Biochemistry MSK Flashcards
What are the different subsets of collagen?
Fibril-forming
Network-forming
Fibril-associated
Explain the structure of the fibrous protein of collagen.
3 a-chains forming a triple stranded rope.
Each chain has 1000 AA
The chain is stabilized by intracranial H-bonds
Each third amino acid is Glycine.
What is the genetic difference of collagen type 1 and 2
Type one is 2 stands coded by a1 genes and 1 strand of a2.
Type two is 3 strands of a1 genes.
Which modified amino acid allows for hydrogen bonding between alpha chains?
Hydroxyproline
Has the OH group.
What things do post-translational hydroxylation require, and what is one disease that can be acquired without one of these things?
O2, Fe2+, Ascorbate (Vitamin C)
Scurvy: less tensile strength of collagen due to lack of H-bond formation.
Which enzyme aids in cross linking of collagen fibers, and what ion does it contain?
Explain that process, and which disorder goes along with genetic problems of crosslinking.
Lysol oxidase, and it has copper to aid in extracellular crosslinking.
Assembly of the triple helix in ER
N and C end proteinases that helped the helix structure are cut off.
Lysol oxidase cavalently links collagen fibrils outside of the cell.
X-linked recessive gene: Menkes Syndrome (kinky hair).

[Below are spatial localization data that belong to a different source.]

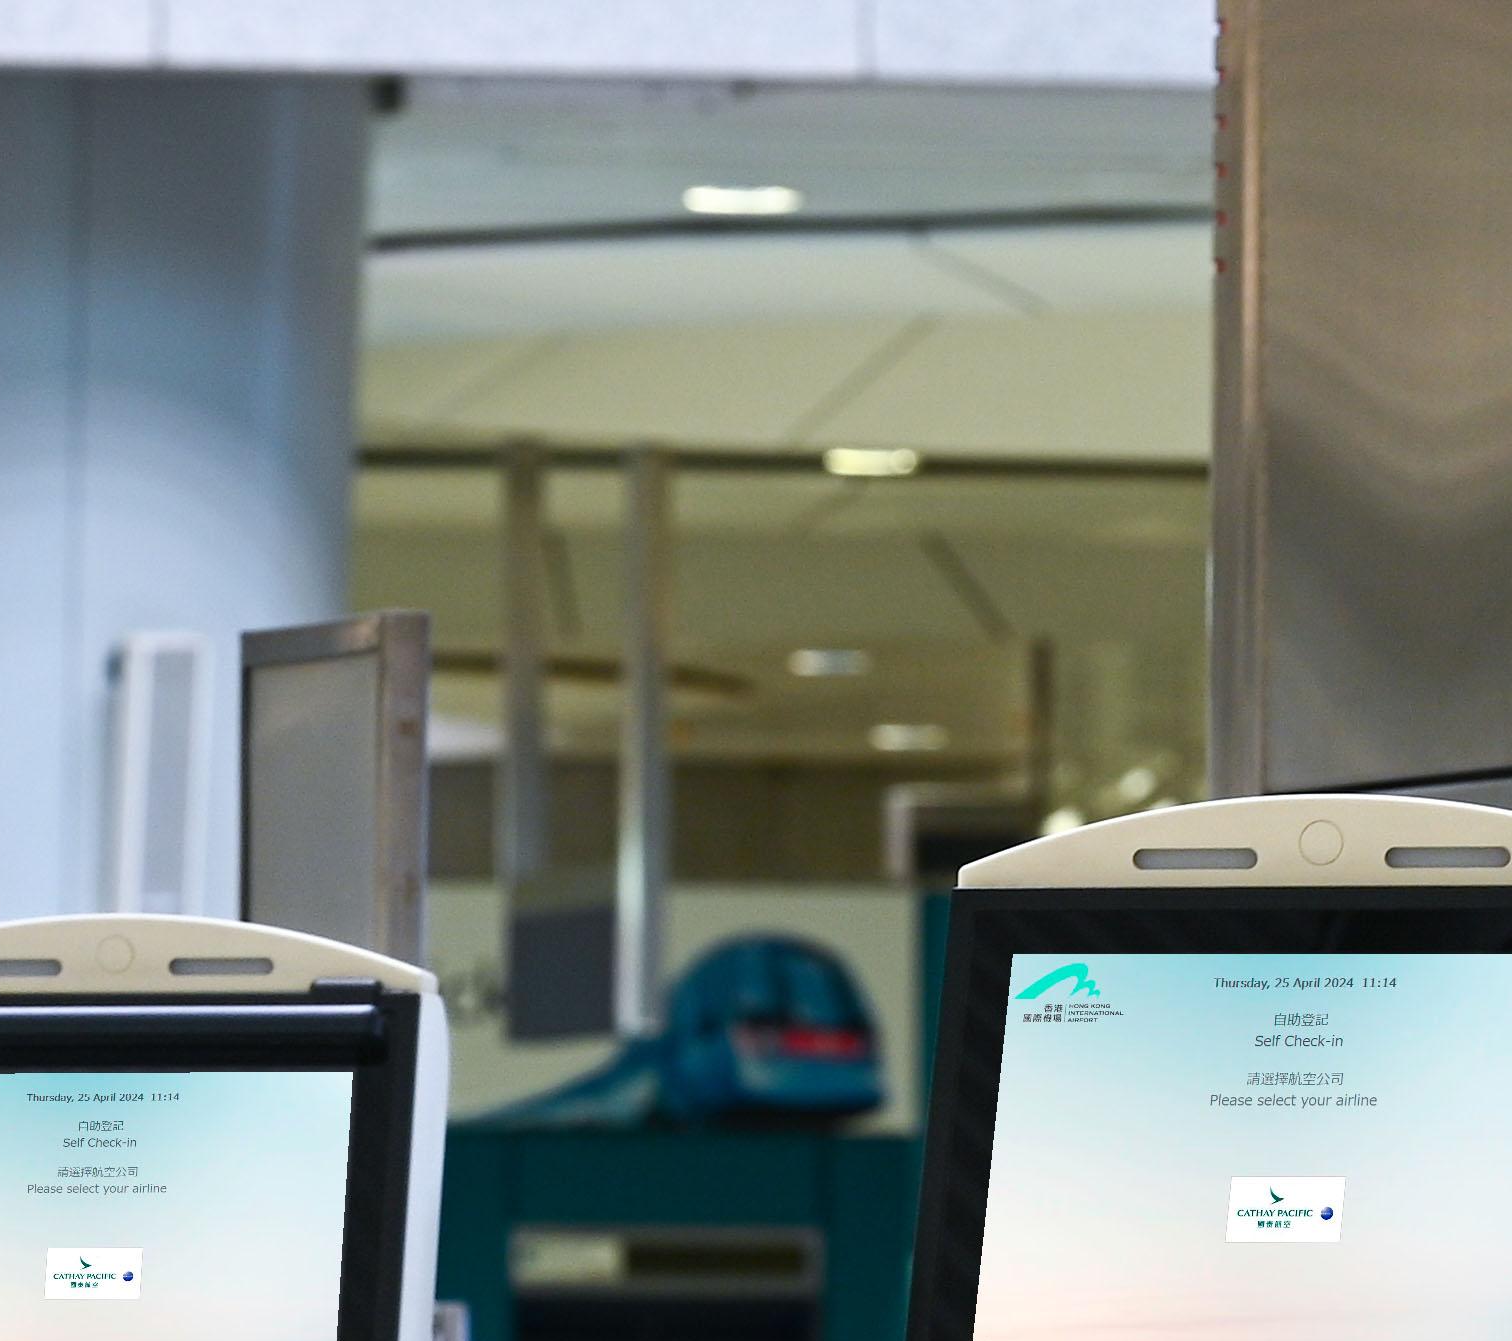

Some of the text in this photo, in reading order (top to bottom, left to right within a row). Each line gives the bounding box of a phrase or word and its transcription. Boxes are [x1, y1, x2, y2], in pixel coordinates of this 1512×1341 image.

[1213, 977, 1398, 991] Thursday, 25 April 2024 11:14
[1274, 1011, 1328, 1026] 自助登記
[1254, 1034, 1344, 1047] Self Check-in
[1247, 1072, 1343, 1086] 請選擇航空公司
[26, 1092, 180, 1104] Thursday, 25 April 2024 11:14
[1209, 1093, 1378, 1110] Please select your airline
[77, 1119, 125, 1132] 自助登記
[62, 1137, 137, 1148] Self Check-in
[27, 1183, 168, 1196] Please select your airline
[1236, 1209, 1313, 1217] CATHAY PACIFIC

Mutations that lead to lack of Cu2+.
Name and describe 2 collagenopathies
Osteogenesis Imperfecta (brittle bone syndrome). Mutations in collagen 1 by replacement of Gly.
Symptoms: blue sclerae, brittle bones
Ehlers-Danlos Syndrome: Defective collagens or processing enzymes. Involve collagen 5 in classic form and 3 in vascular form.
Symptoms: hyperextensible skin, abnormal tissue fragility. Most severe is potentially lethal vascular problems due to defective collagen in the arteries.
Explain the make up of Elastic Fibers.
Lysyl oxidase modifies lysyl side chain to form desmosine.
Fibrillin acts as the scaffold for elastin
Desmosine and Fibrillin
Explain 2 elastic fiber Genetic Disorders
Marian Syndrome
Mutations in Fibrillin 1 protein
Autosomal dominant: pleiotropic
Symtpoms: Arachnodactyly (long fingers, positive wrist sign), ectopic lensis, weak large arteries.
Williams-(Beuren) syndrome
Chromosomal #7 deletion of 27 genes including elastin.
Random event during formation of reproductive cells. Inherited in small % of cases.
Presentation: developmental disorder, unique personality, distinctive facial features, cardiovascular problem.
Explain the 2 kinds of Adhesion Proteins. And one related disorder
Laminin: large cross-shaped quartnary protein. Holds component of basement membrane
Fibronectin: Most abundant multi-adhesive protein.
Function: Gives cells the fibrous mesh work of the ECM. Quartnary
LAMA2-related muscular dystrophy
Mutation in the LAMA2 gene, messes with laminin 2 and 4 production.
Autosomal recessive.
Presentation: Muscle weakness. Can be early onset or milder late onset.
Explain the difference between Proteoglycans vs Glycoproteins
Proteoglycans: Carbs w/ little protein
Glycoproteins: Protein w/ little carbs.
Explain the 3 structures of the Aggregate
Proteoglycans monomer: - Glycosaminoglycans (GAG) - Core Protein Hyaluronic acid (type of GAG) Link Protein
What are GAGs charge?
Negative
Acidic sugar is negative, amino sugar is +, but it is eliminated and changed to -.
What are the names of the 6 kinds of GAGs, explain them.
Chondroitin 4- and 6-Sulfates:
Most abundant, found in cartilage, tendons, ligaments, and aorta. Form Proteoglycans aggregates
Keratin Sulfates (KS) 1 and 2: Most heterogeneous GAG. Found in corneas, loose connective tissue Proteoglycans aggregates
Hyaluronic Acid:
Not sulfates or covalently attached to protein like other GAG. Also found in bacteria.
Serves as lubricant and shock absorber in synovial fluid, vitreous humor, loose CT, and cartilage
Dermatan Sulfate:
Found in skin, blood vessels, and heart valves
Heparin:
A-linkage joins the sugars, intracellular (only GAG) component of mast cells that line arteries in liver, lungs, and skin. Anticoagulant.
Heparin Sulfate:
Extracellular GAG found in basement membrane and as a ubiquitous component of cell surfaces.k
What are the two problems that can go wrong with GAG and what are their associated diseases?
Synthesis and Degradation
Synthesis: Chondrodystrophies: defect in the Sulfate one of the growing GAG chain.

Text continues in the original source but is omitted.